そうは言っても、あくまで自身の現状の霊質が基本となるため、特異能力やリンクで補助値だけ上げればいいという簡単な話にはならない。
「全く、本当に残念ね。せめてあなたが頑張って二度復活させてくれれば、私で三度目を見れたかもしれないのに」
本当にやれやれ困ったものねという風に、フィリエーナが視線だけを誓に移す。
「……おい待て」
「あら何かしら?」
疚しいことなど何もないわよという風で、フィリエーナが身体ごと誓へ向いた。
「アリエルの意識が妙にこっちを向いてるからまさかとは思っていたけど……、もしかしなくても、やる気満々だったのか?」
「当然でしょ。セイと敵の立場で模擬戦したら二度はともかく、三度なんてまず破壊させて貰えないでしょうし。かと言って、あなたと本気の勝負や本気の助け合いなんて立場上難しいもの。となれば、あなたの本気を見れる機会なんて限られるじゃない」
本当に残念そうに、心の熱さを火消しするフィリエーナ。
(意外と逞しいなコイツ)
先日は割合感情的な面を多く見たせいか、フィリエーナはやや精神的な脆さを抱えていると感じていた誓だったが、ここに来て考えを改める。
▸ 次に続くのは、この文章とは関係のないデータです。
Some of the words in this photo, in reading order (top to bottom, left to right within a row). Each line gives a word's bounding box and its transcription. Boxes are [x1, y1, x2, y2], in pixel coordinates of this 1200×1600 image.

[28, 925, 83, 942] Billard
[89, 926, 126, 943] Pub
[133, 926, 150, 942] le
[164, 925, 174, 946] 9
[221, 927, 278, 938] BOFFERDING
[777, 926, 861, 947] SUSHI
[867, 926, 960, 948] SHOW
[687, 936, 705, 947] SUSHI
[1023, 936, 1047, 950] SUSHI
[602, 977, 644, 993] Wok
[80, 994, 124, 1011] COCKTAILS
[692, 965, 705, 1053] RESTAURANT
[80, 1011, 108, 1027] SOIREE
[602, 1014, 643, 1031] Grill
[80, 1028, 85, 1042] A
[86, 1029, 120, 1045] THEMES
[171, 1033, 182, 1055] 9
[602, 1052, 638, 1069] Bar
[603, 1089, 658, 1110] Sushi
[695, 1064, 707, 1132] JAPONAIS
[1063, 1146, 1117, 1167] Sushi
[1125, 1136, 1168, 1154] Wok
「ふぅ、全く何言ってんだよ。そんな心配しなくても、友人がピンチの時は本気で助けに行くさ」
そしてとりあえず、友人として本気で助けることに厭はないと正直な気持ちを伝えた。
「な……。あ、ああ、あなたいきなり何言って」
「え? おかしなことは言ってないだろ? 友人を助けに行くんだ。家とか関係ないと言えない立場なのが辛い所だけど」
途端に赤くなって挙動不審になったフィリエーナに疑問を抱きながら、現状の心苦しい気持ちをも伝える。
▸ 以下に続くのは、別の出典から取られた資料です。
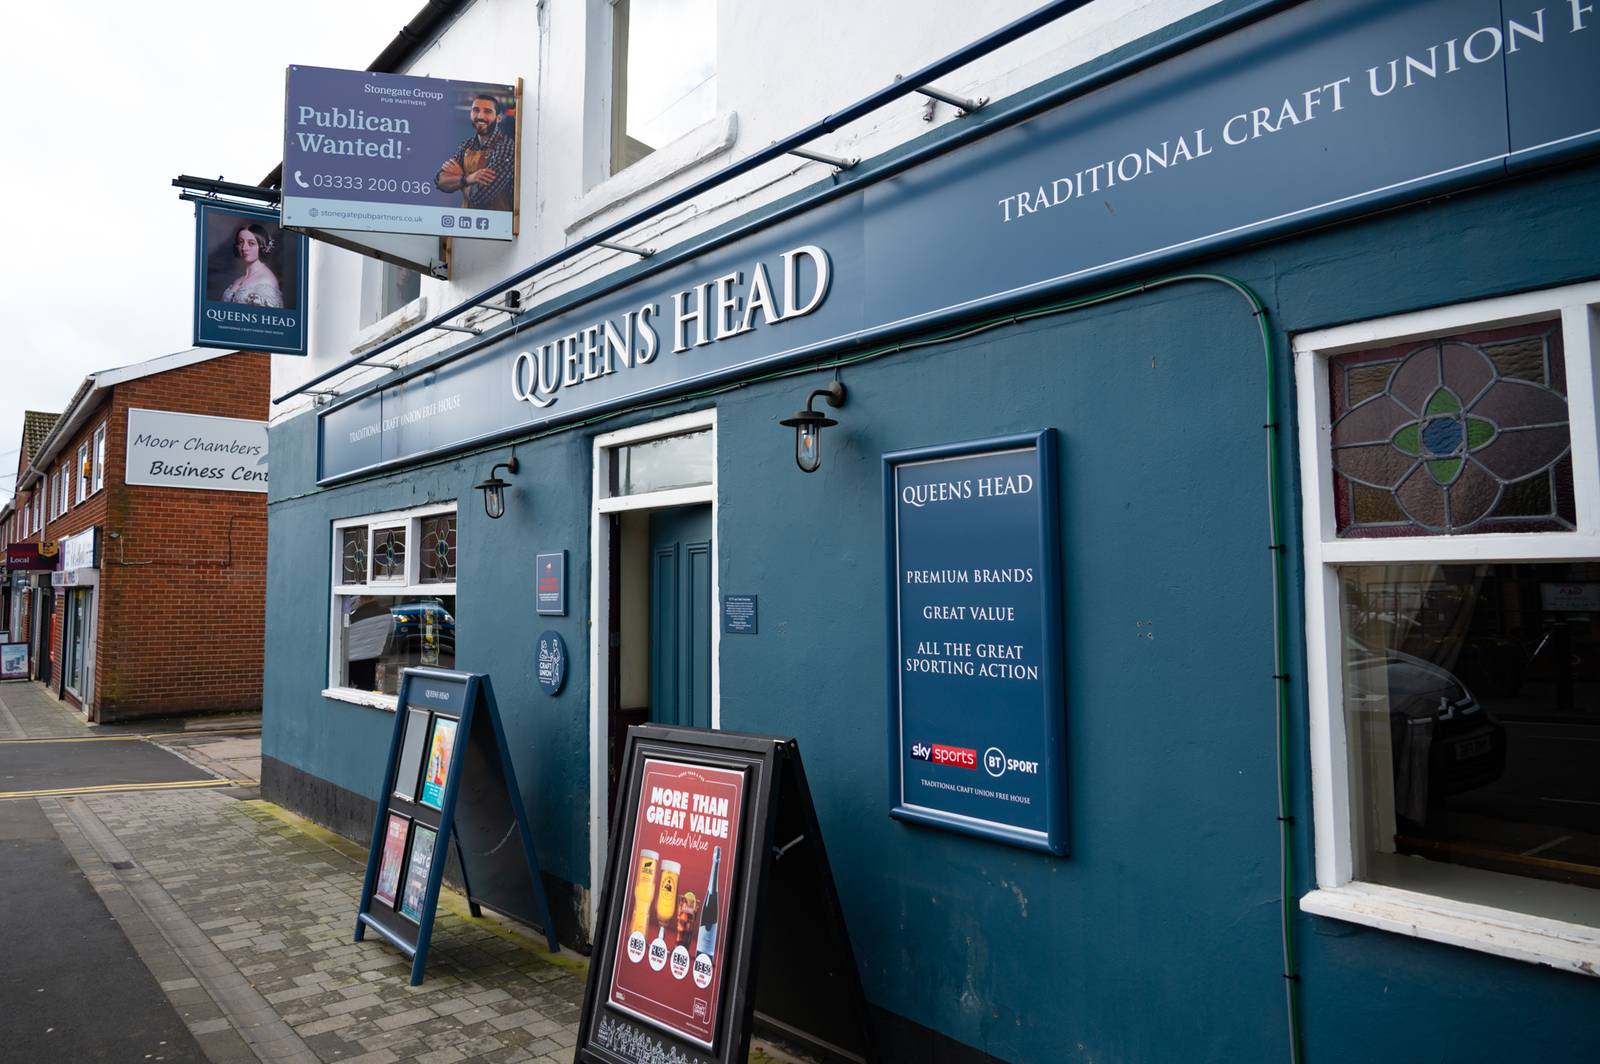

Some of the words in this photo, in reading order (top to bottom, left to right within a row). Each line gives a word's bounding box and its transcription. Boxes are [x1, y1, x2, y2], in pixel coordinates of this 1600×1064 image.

[364, 84, 412, 97] Stonegate
[413, 88, 444, 101] Group
[297, 105, 411, 134] Publican
[998, 128, 1213, 223] TRADITIONAL
[1222, 76, 1351, 146] CRAFT
[1366, 8, 1546, 97] UNION
[296, 132, 402, 159] Wanted!
[313, 174, 363, 190] 03333
[368, 178, 397, 192] 200
[401, 180, 431, 195] 036
[321, 209, 423, 223] stonegatepubpartners.co.uk
[206, 309, 257, 323] QUEENS
[262, 315, 296, 328] HEAD
[511, 303, 660, 408] QUEENS
[671, 245, 831, 354] HEAD
[382, 415, 400, 431] CRAFT
[401, 407, 421, 425] UNION
[438, 393, 461, 413] HOUSE
[134, 434, 179, 448] Moor
[183, 437, 262, 456] Chambers
[149, 460, 225, 479] Business
[903, 480, 972, 507] QUEENS
[978, 474, 1033, 497] HEAD
[907, 570, 969, 584] PREMIUM
[974, 568, 1033, 583] BRANDS
[923, 606, 966, 620] GREAT
[970, 606, 1015, 621] VALUE
[917, 642, 940, 655] ALL
[943, 642, 972, 657] THE
[976, 644, 1023, 660] GREAT
[906, 658, 974, 676] SPORTING
[979, 663, 1038, 680] ACTION
[912, 743, 931, 760] sky
[934, 748, 974, 765] sports
[989, 756, 1001, 768] BT
[1007, 759, 1038, 774] SPORT
[651, 787, 690, 811] MORE
[692, 794, 729, 817] THAN
[921, 779, 956, 791] TRADITIONAL
[956, 785, 974, 794] CRAFT
[974, 788, 995, 798] UNION
[995, 792, 1009, 801] FREE
[1010, 794, 1031, 805] HOUSE
[646, 806, 686, 830] GREAT
[689, 814, 729, 839] VALUE
[659, 831, 689, 847] Weekend
[688, 833, 709, 851] Value
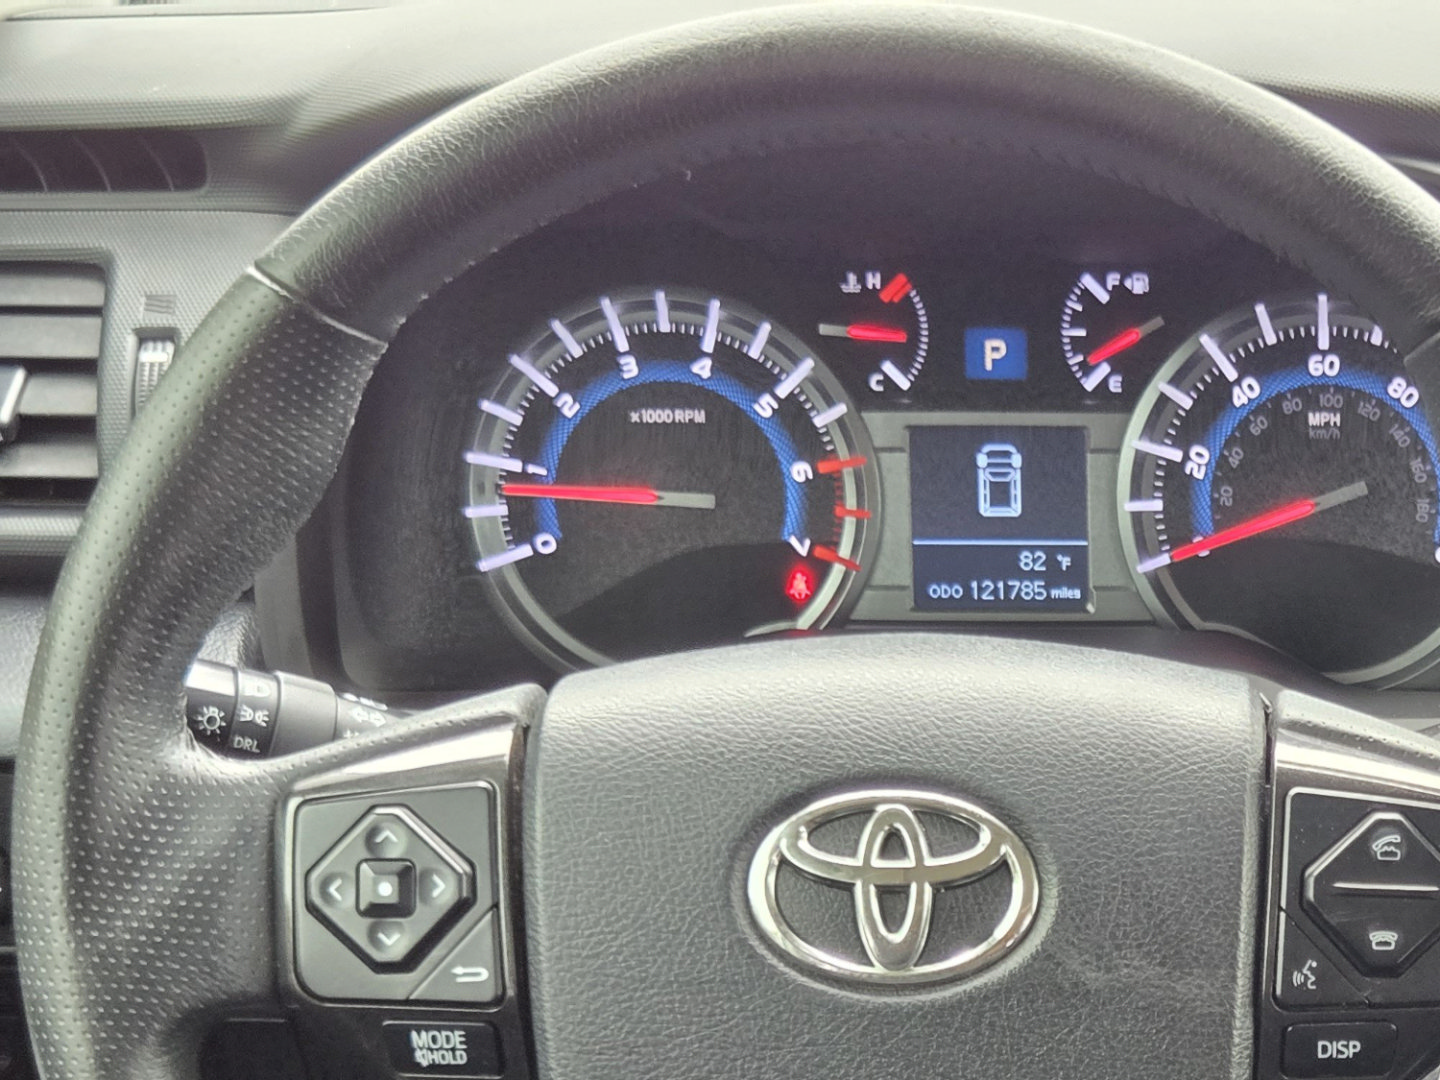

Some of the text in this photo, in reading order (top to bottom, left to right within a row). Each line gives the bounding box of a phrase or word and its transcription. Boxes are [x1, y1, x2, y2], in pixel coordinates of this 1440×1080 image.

[865, 272, 882, 289] H
[1106, 272, 1121, 290] F
[984, 338, 1007, 371] P
[1307, 354, 1340, 377] 60
[618, 355, 640, 378] 3
[689, 356, 713, 379] 4
[868, 375, 884, 392] C
[1108, 375, 1123, 393] E
[1231, 376, 1261, 408] 40
[1386, 376, 1420, 409] 80
[556, 392, 581, 419] 2
[752, 396, 779, 419] 5
[1282, 397, 1303, 415] 80
[1318, 393, 1344, 409] 100
[1356, 397, 1381, 422] 120
[1248, 415, 1269, 437] 60
[1308, 411, 1341, 427] MPH
[1308, 426, 1341, 441] km/h
[1185, 445, 1211, 480] 20
[1228, 446, 1245, 470] 40
[526, 462, 549, 477] 1
[789, 460, 813, 483] 6
[1219, 485, 1234, 507] 20
[532, 533, 558, 555] 0
[788, 534, 812, 557] 7
[1018, 551, 1047, 571] 82
[929, 580, 1082, 601] ODO 121785 miles
[233, 734, 261, 753] DRL
[411, 1029, 468, 1050] MODE
[1317, 1040, 1361, 1059] DISP
[429, 1050, 468, 1065] HOLD
「へ? そ、そう友人としてね。友人として……、ふふ、はぁ」
(びっくりさせないでよ、もぅ)
勝手に勘違いして慌てて疲れたフィリエーナは、力なく笑って肩を落とした。
「いいでしょう。今回は負けを認めて差し上げます。ですがいい気にならないことですわ。これが模擬戦でなかったなら──」
「蒼衣様。その先は言っても負け犬の遠吠えにしかなりませんよ。模擬戦なんですから次頑張りましょう」
環が蒼衣をなだめ、授業は滞りなく進むこととなった。